■ **PROBLEM TO WORK ON**
Every entry must be duplicated precisely as written.

Data entries
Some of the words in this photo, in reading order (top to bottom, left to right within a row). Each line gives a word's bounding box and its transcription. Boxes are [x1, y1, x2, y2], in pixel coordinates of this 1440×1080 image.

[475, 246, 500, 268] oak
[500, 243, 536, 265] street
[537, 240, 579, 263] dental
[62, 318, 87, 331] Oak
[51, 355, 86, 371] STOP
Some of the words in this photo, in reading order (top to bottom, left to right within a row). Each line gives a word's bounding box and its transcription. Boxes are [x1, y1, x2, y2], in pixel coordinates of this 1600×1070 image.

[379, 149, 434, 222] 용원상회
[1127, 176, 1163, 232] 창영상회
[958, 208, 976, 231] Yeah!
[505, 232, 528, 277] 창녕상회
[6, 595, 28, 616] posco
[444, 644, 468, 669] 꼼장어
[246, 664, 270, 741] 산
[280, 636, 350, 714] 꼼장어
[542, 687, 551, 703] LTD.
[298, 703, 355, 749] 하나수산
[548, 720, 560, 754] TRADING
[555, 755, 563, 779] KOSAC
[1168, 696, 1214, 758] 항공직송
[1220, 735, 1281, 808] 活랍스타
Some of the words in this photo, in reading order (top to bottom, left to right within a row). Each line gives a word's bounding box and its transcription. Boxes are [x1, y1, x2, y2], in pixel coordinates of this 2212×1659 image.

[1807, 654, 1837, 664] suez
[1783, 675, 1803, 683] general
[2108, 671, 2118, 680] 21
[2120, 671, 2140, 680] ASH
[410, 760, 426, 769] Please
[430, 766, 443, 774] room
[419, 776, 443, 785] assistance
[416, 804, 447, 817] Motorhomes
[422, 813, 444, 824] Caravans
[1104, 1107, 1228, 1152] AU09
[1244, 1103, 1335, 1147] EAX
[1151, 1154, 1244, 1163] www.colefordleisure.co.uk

■ **RESULT FOR THIS EXERCISE**
Some of the words in this photo, in reading order (top to bottom, left to right within a row). Each line gives a word's bounding box and its transcription. Boxes are [x1, y1, x2, y2], in pixel coordinates of this 1440×1080 image.

[475, 246, 500, 268] oak
[500, 243, 536, 265] street
[537, 240, 579, 263] dental
[62, 318, 87, 331] Oak
[51, 355, 86, 371] STOP
Some of the words in this photo, in reading order (top to bottom, left to right within a row). Each line gives a word's bounding box and its transcription. Boxes are [x1, y1, x2, y2], in pixel coordinates of this 1600×1070 image.

[379, 149, 434, 222] 용원상회
[1127, 176, 1163, 232] 창영상회
[958, 208, 976, 231] Yeah!
[505, 232, 528, 277] 창녕상회
[6, 595, 28, 616] posco
[444, 644, 468, 669] 꼼장어
[246, 664, 270, 741] 산
[280, 636, 350, 714] 꼼장어
[542, 687, 551, 703] LTD.
[298, 703, 355, 749] 하나수산
[548, 720, 560, 754] TRADING
[555, 755, 563, 779] KOSAC
[1168, 696, 1214, 758] 항공직송
[1220, 735, 1281, 808] 活랍스타
Some of the words in this photo, in reading order (top to bottom, left to right within a row). Each line gives a word's bounding box and its transcription. Boxes are [x1, y1, x2, y2], in pixel coordinates of this 2212×1659 image.

[1807, 654, 1837, 664] suez
[1783, 675, 1803, 683] general
[2108, 671, 2118, 680] 21
[2120, 671, 2140, 680] ASH
[410, 760, 426, 769] Please
[430, 766, 443, 774] room
[419, 776, 443, 785] assistance
[416, 804, 447, 817] Motorhomes
[422, 813, 444, 824] Caravans
[1104, 1107, 1228, 1152] AU09
[1244, 1103, 1335, 1147] EAX
[1151, 1154, 1244, 1163] www.colefordleisure.co.uk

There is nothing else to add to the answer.